Any field type can be made into an array, a list of values.

Simply enable "Multiple items can be extracted" when creating or modifying the field.

The return type will be an array of the base type, for example a list of text values, or a list of numbers.

It is possible to have a list of nested objects, but not a list of lists.

{% hint style="info" icon="lightbulb" %}
In some cases, there can be duplicate items, for example when the same value appears on several pages.

Enable "Filter out duplicates from the list of items" to fix this.
{% endhint %}

## **Field Examples**

Some examples for the best field types to use, given a basic invoice extraction Data Schema.

<table><thead><tr><th>Field Name</th><th width="203.5">Field Type</th><th>Example Return Value</th></tr></thead><tbody><tr><td><strong>Supplier Name</strong></td><td>String</td><td><code>Acme Supplies Ltd.</code></td></tr><tr><td><strong>Supplier Logo</strong></td><td>Object Detection</td><td>Polygon around the logo</td></tr><tr><td><strong>Supplier Company Registration</strong></td><td>Nested Object</td><td><em>See sub-fields below</em></td></tr><tr><td><em>Supplier Company Registration.</em><strong>Number</strong></td><td>String</td><td><code>CRN-20250123</code></td></tr><tr><td><em>Supplier Company Registration.</em><strong>Type</strong></td><td>Classification</td><td><code>VAT NUMBER</code></td></tr><tr><td><strong>Invoice Date</strong></td><td>Date</td><td><code>2025-06-10</code></td></tr><tr><td><strong>Is Past Due</strong></td><td>Boolean</td><td><code>false</code></td></tr><tr><td><strong>Total Amount</strong></td><td>Number</td><td><code>1540.75</code></td></tr><tr><td><strong>Taxes</strong></td><td>Nested Objects Array</td><td><em>See sub-fields below</em></td></tr><tr><td><em>Taxes[0].</em><strong>Rate</strong></td><td>number</td><td><code>0.185</code></td></tr><tr><td><em>Taxes[0].</em><strong>Base</strong></td><td>number</td><td><code>1300.00</code></td></tr><tr><td><em>Taxes[0].</em><strong>Amount</strong></td><td>number</td><td><code>240.75</code></td></tr></tbody></table>

## Global Guidelines

In addition to individual field guidelines, a global guideline can be used in your Data Schema.

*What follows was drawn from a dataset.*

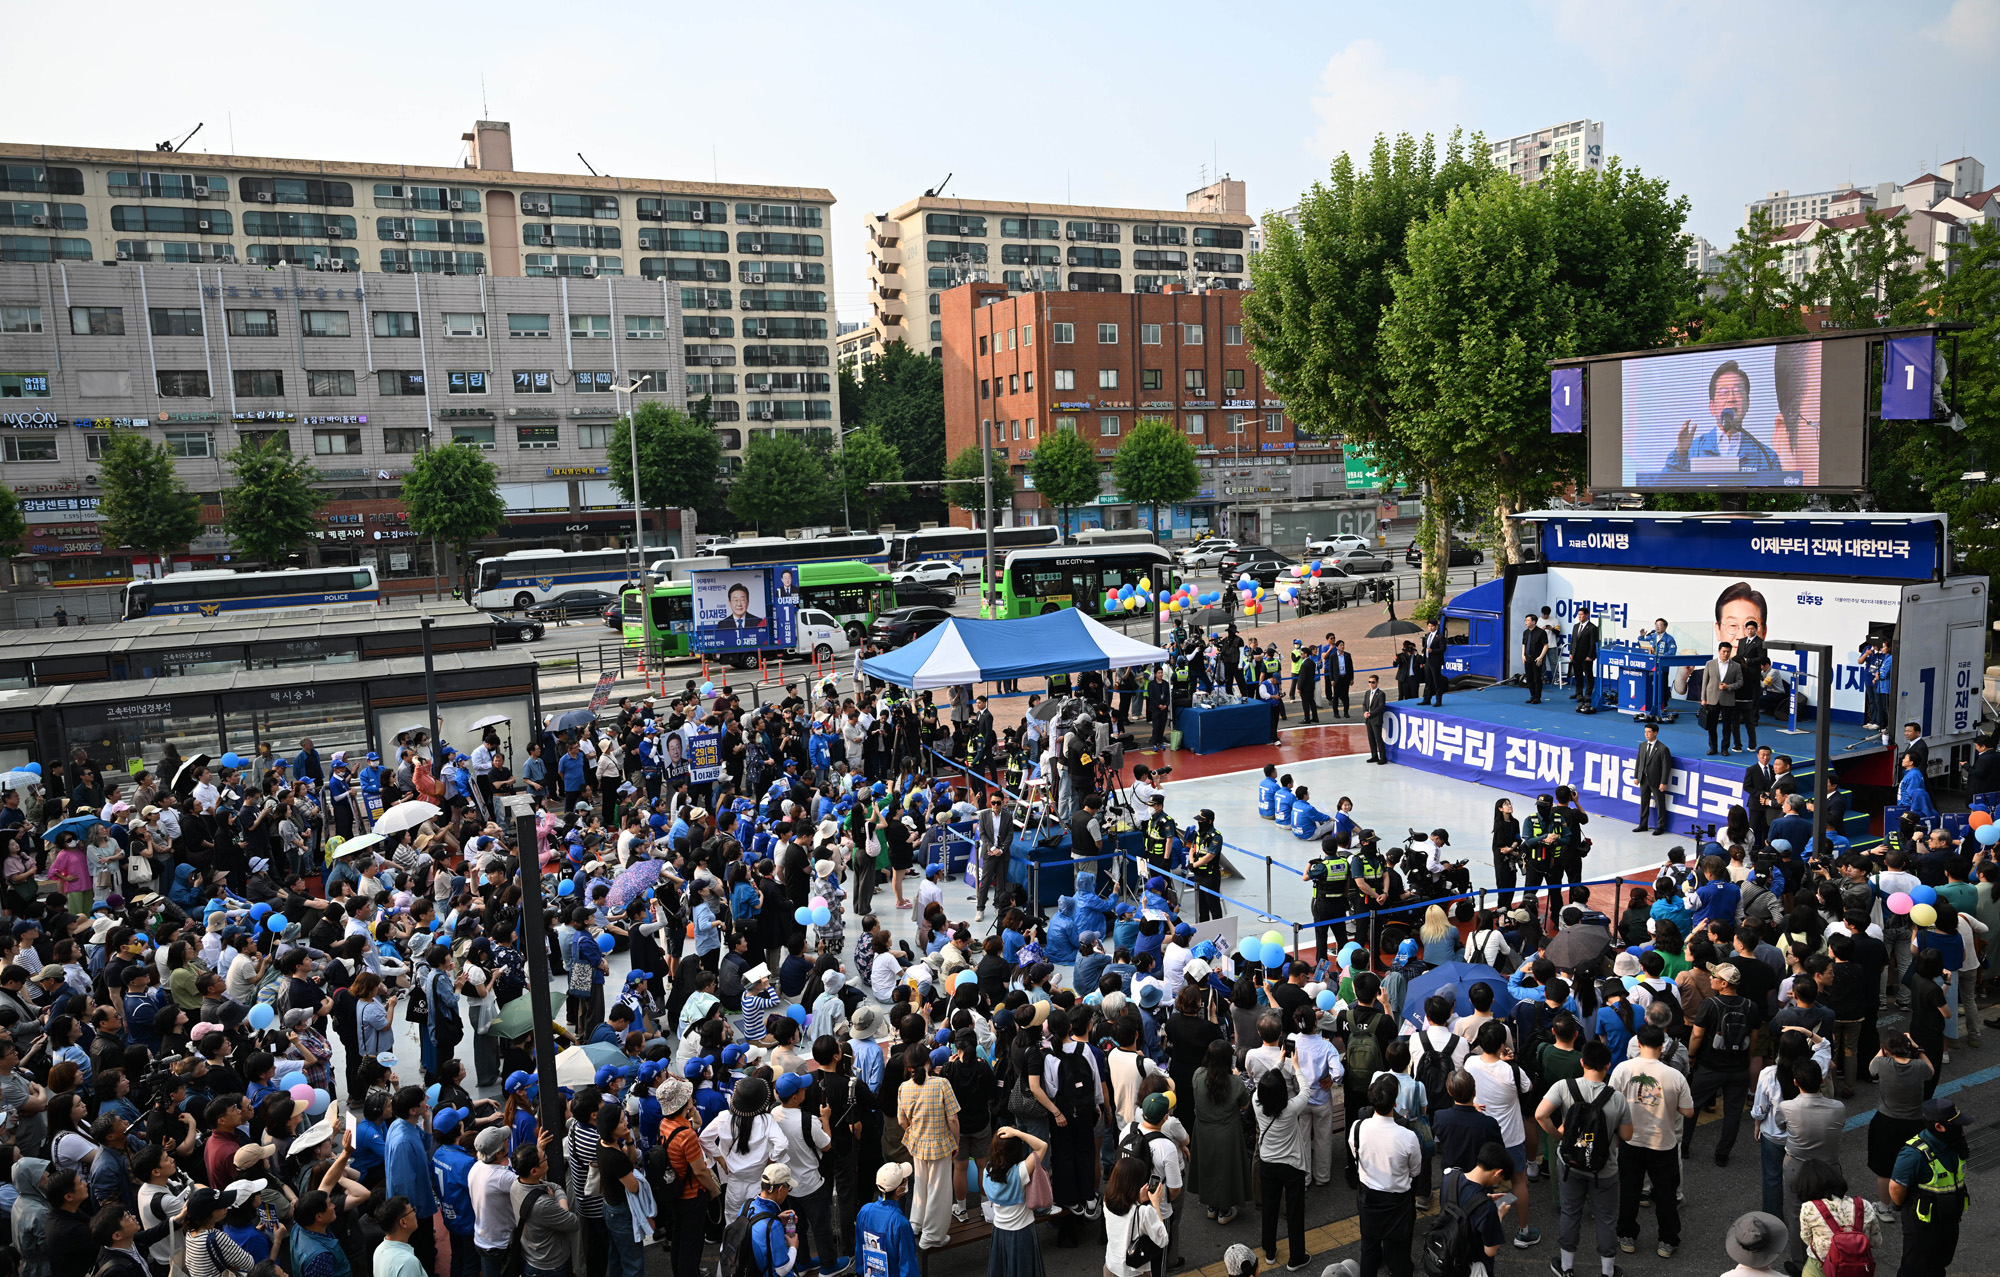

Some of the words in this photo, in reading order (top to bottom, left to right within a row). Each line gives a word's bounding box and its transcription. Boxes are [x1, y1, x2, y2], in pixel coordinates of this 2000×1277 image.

The global guideline text will apply to all or some fields, depending on your instructions.

Use global guidelines when you want to:

* Generalize instructions to several specific fields. For example:
  * *"Number fields related to amounts should always have 3 decimal places."*
  * *"Country fields should return the ISO alpha-3 code of the country."*
* Provide general instructions or context for all fields. For example:
  * *"Ensure ASCII compliance by removing all diacritics from return values."*

{% hint style="info" %}
You may put any number of unrelated guidelines in the text, for example all of the samples above.

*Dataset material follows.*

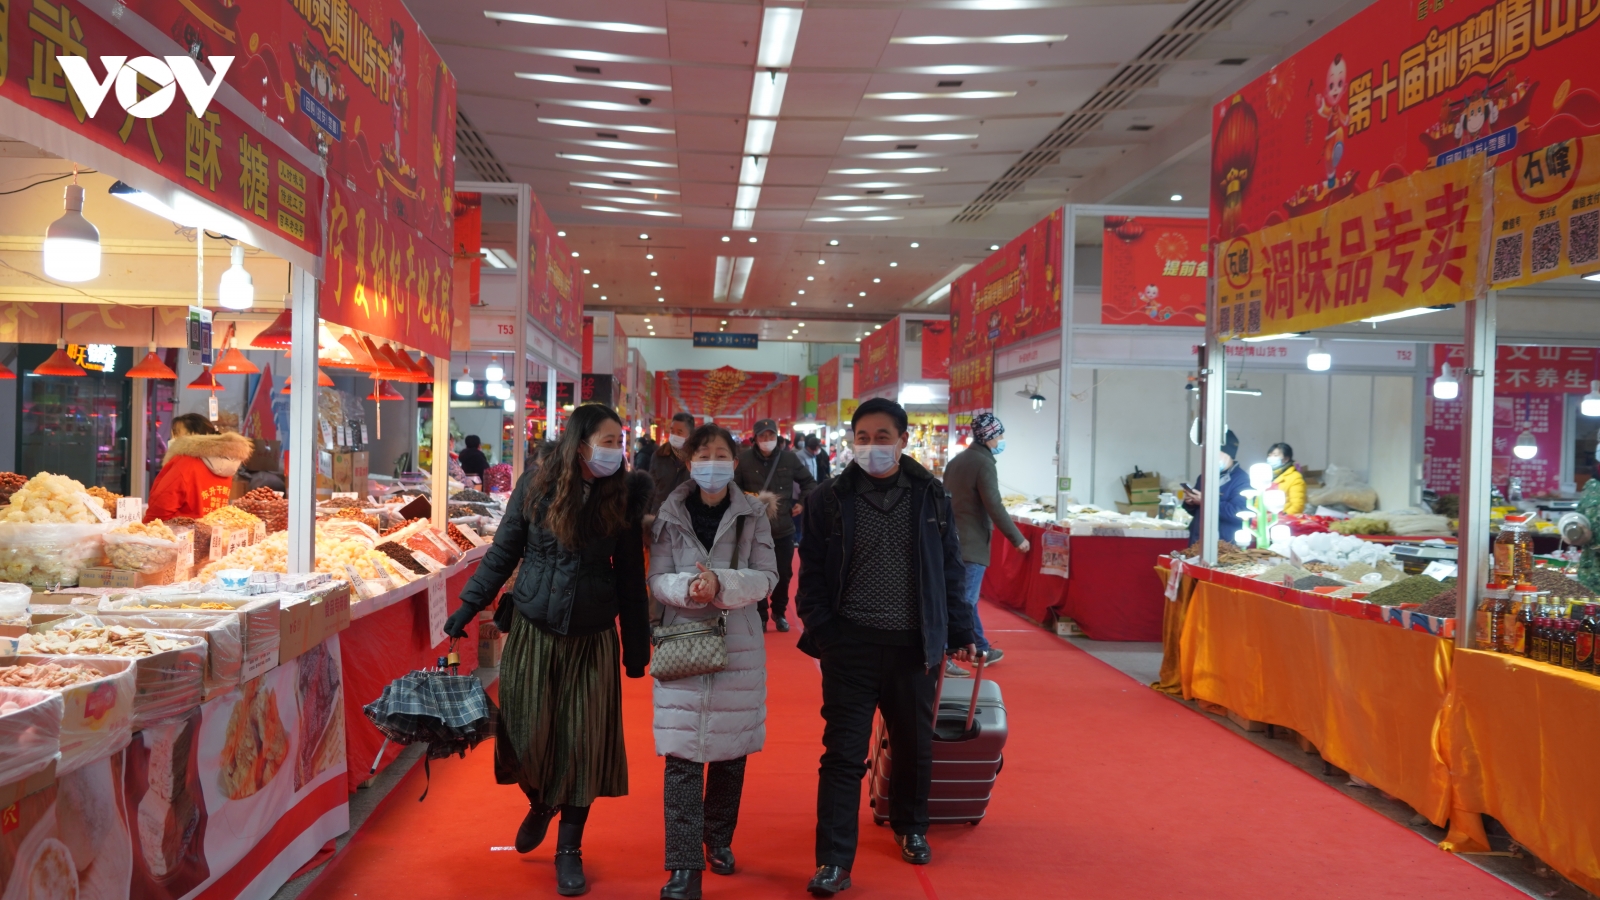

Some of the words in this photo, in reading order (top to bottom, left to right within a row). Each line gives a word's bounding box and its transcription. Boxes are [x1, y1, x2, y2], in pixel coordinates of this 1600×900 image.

For best results, separate each different guideline with a new line.
{% endhint %}

## Language

You can specify a field's *Title*, *Name*, *Description*, and *Guidelines* in most languages.

This also applies to the Data Schema's [Data Schema Overview](/extraction-models/data-schema.md#global-guidelines).

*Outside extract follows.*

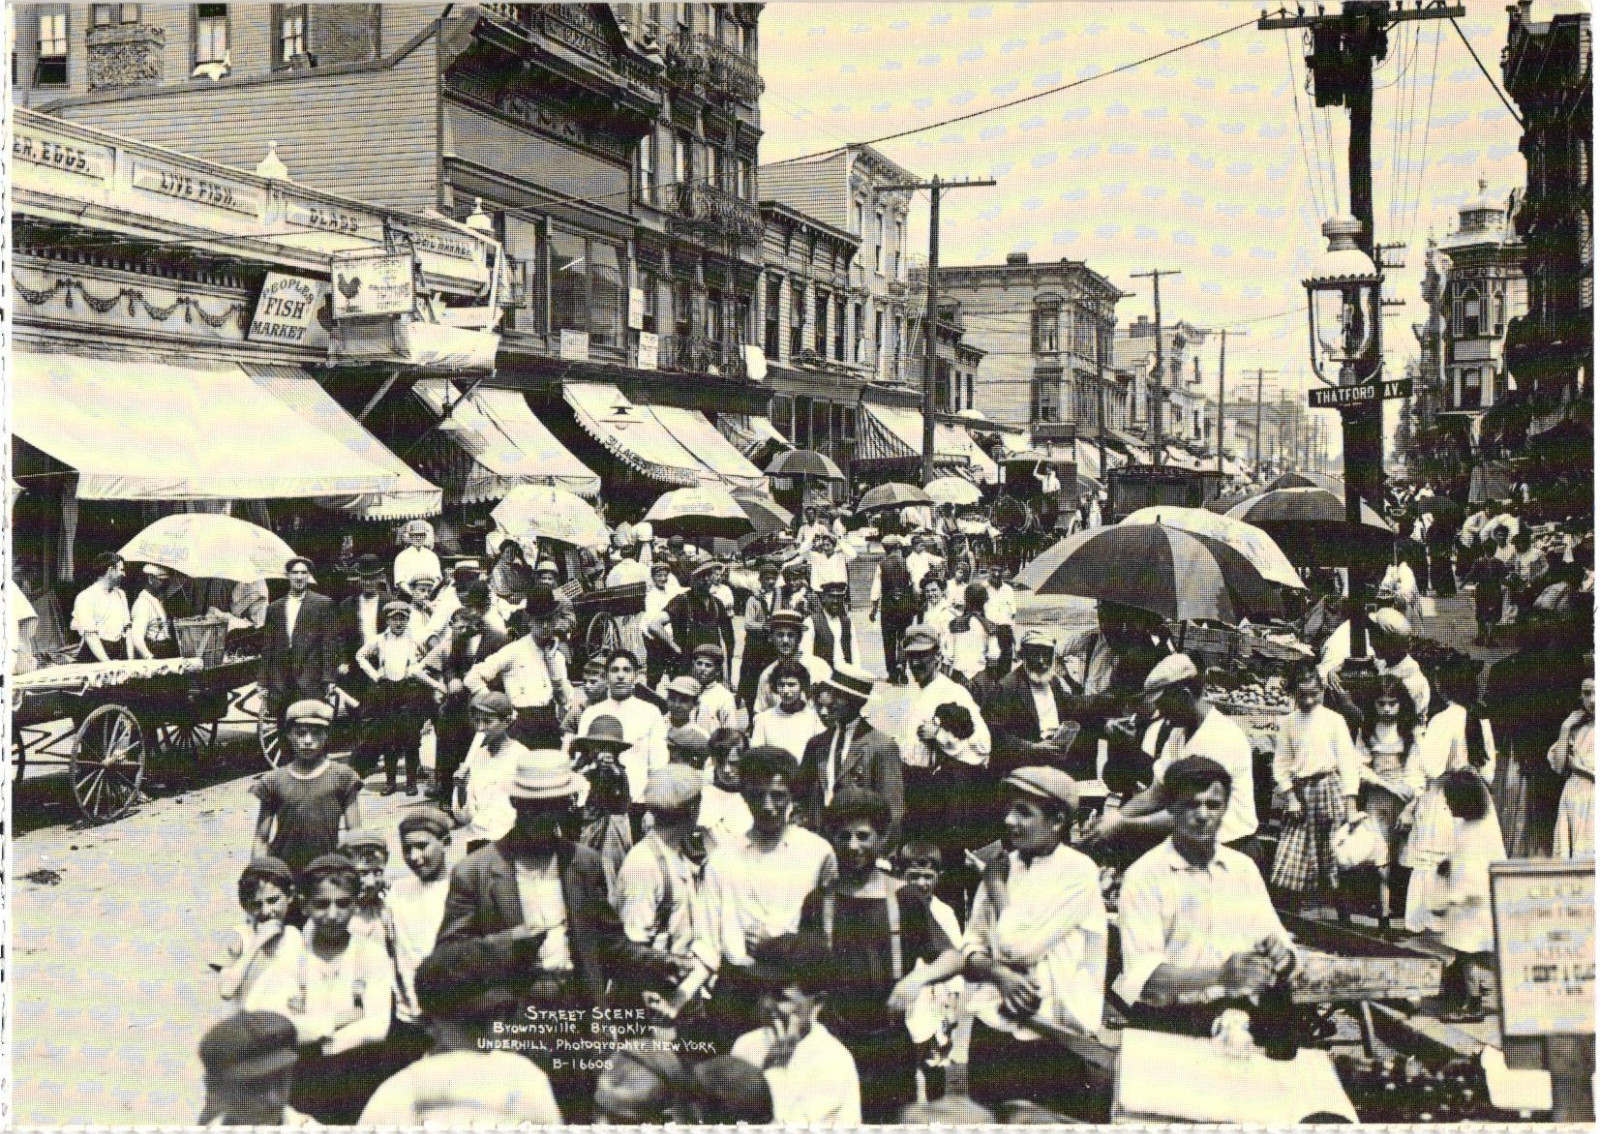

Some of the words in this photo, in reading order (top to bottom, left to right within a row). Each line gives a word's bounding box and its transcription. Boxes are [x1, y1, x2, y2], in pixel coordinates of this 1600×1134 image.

This includes, but is **not limited** to:

* European languages: English, French, Spanish, German, Italian, Portuguese, Russian, Greek, etc
* Asian languages: Hindi, Bengali, Turkish, Urdu, Farsi, Armenian, etc
* East Asian languages: Japanese, Mandarin, Korean, Vietnamese, etc
* Semitic languages: Arabic, Hebrew, Amharic, etc
* African languages: Swahili, Yoruba, Zulu, etc

**Note:** while the models can understand these languages, we are not able to provide in-depth support for all languages.

## Technical Limitations

### Number of Fields in the Data Schema

The recommended maximum number of fields is 25 for a Data Schema.

Beyond this limit, performance may be drastically reduced.

### Names of Fields

The field *name* must only contain:

* lowercase Latin letters without accents (a-z)
* numbers (0-9)
* underscores (`_`), but neither first nor last characters can be an underscore.

## Next Steps

Now that you're familiar with the different components of the Data Schema, you'll want to take a look at [Data Schema Best Practices](/extraction-models/data-schema-best-practices.md) for tips on building an accurate and well-performing Data Schema.


---

# Agent Instructions: Querying This Documentation

If you need additional information that is not directly available in this page, you can query the documentation dynamically by asking a question.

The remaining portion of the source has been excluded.